Claude A. Joyce, Asst. Atty. Gen. of West Virginia (C. Donald Robertson, Atty. Gen. of West Virginia, on brief), for appellant.

Ronald P. Sokol, Charlottesville, Va. [Court-assigned counsel] (Tom T. Baker, Huntington, W. Va., Court-assigned counsel, on brief), for appellee.

Before SOBELOFF, Chief Judge, and BRYAN and J. SPENCER BELL, Circuit Judges.

PER CURIAM.


This is an appeal by the State of West Virginia from an order of the District Court directing that the prisoner Ernest Stevenson be released or retried within a reasonable time. The District Court found that the prisoner's constitutional rights had been violated by the introduction at his original trial of a coerced oral confession. The District Court's opinion is published at 221 F. Supp. 411.

On February 5, 1960, at 11:00 a.m. the body of Louise Davis was found lying in a pool of blood in the back room of the Atlantic Seafood Shop in the city of Huntington, West Virginia. She had been brutally murdered at about 1:00 o'clock that morning. Her head was crushed and both jaws broken. She had a stab wound in the chest, and there were indications that she had been raped. The owner of the shop testified that $42.00 was missing from the cash register. Shortly after the crime was discovered the police learned that the prisoner and an unidentified man had been observed at the scene of the crime at about the time fixed for the death. They went to the prisoner's sister's home, where he was residing, and took him into custody. Instead of taking him directly to the police station they "detoured" by the scene of the crime. The state's brief succinctly sets forth what happened thereafter.
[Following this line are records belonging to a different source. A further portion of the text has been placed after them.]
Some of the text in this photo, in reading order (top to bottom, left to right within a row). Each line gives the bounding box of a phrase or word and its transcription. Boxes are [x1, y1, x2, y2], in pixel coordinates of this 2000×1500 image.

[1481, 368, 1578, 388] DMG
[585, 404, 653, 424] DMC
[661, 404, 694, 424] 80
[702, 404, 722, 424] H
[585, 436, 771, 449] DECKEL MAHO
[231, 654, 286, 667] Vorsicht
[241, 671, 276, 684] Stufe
"The police arrived on the scene shortly after 11:00 a. m. Three members of the police force, namely, Joe Coleman, B. T. Tomlinson, and Don L. Salyers, took the petitioner into custody at his home on 28th Street, and conveyed him by automobile from his home down 8th Avenue to a point about fifty feet from the Atlantic Seafood Shop, at which time officer Tomlinson asked the petitioner if he committed the crime, and then indicated he was going to take him into the establishment. The petitioner said, don't do that, that he would tell the officers what they wanted to know when they arrived at the police station. Officer Tomlinson then said to the petitioner, `I want to know now, did you commit this crime,' to which the petitioner replied, `Yes, I did, please don't take me inside, take me to headquarters.' "Policeman Joe Coleman testified that the petitioner said, `I don't want those people to look at me.' Policeman Don Salyers testified that the petitioner said, `he didn't want to face all those people.' The petitioner, at the trial in the Common Pleas Court, gave substantially the same version as to what happened near the Atlantic Seafood Shop as that given by the police officers. He denied, at the trial, that he admitted that he killed the woman.
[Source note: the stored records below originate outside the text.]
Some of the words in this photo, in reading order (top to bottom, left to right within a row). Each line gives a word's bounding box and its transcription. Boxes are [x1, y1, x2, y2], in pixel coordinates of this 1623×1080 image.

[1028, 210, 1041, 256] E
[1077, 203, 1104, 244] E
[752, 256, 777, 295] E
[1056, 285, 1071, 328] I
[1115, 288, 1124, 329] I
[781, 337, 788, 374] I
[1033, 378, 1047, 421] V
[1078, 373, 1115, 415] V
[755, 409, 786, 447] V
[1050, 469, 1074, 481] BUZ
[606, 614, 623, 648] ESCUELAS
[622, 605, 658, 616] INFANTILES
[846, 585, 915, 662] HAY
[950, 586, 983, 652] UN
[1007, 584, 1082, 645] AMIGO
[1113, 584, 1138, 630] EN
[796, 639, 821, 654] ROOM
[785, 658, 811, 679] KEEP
"The post-conviction hearing was held in the District Court of the United States for the Northern District of West Virginia on August 28th, 1963, upon the petition for a writ of habeas corpus, at which time the petitioner testified that at the time the police officers conveyed him to the vicinity of the Atlantic Sea-food Shop there was a large group of people in front of the fish market, all of whom were friends of his, and that he did not want to face all those people, or for them to see him under arrest. He further stated that it was a source of embarrassment to him.

"At the post-conviction hearing the petitioner testified that he might have admitted that he killed the deceased.

"The petitioner also testified that he was twenty-three years old at the time of the crime. He had a seventh grade education. He had spent three years in the Army. His prior criminal record was one arrest for a felony, which was reduced to a misdemeanor." [His offense was the unauthorized use of a car.]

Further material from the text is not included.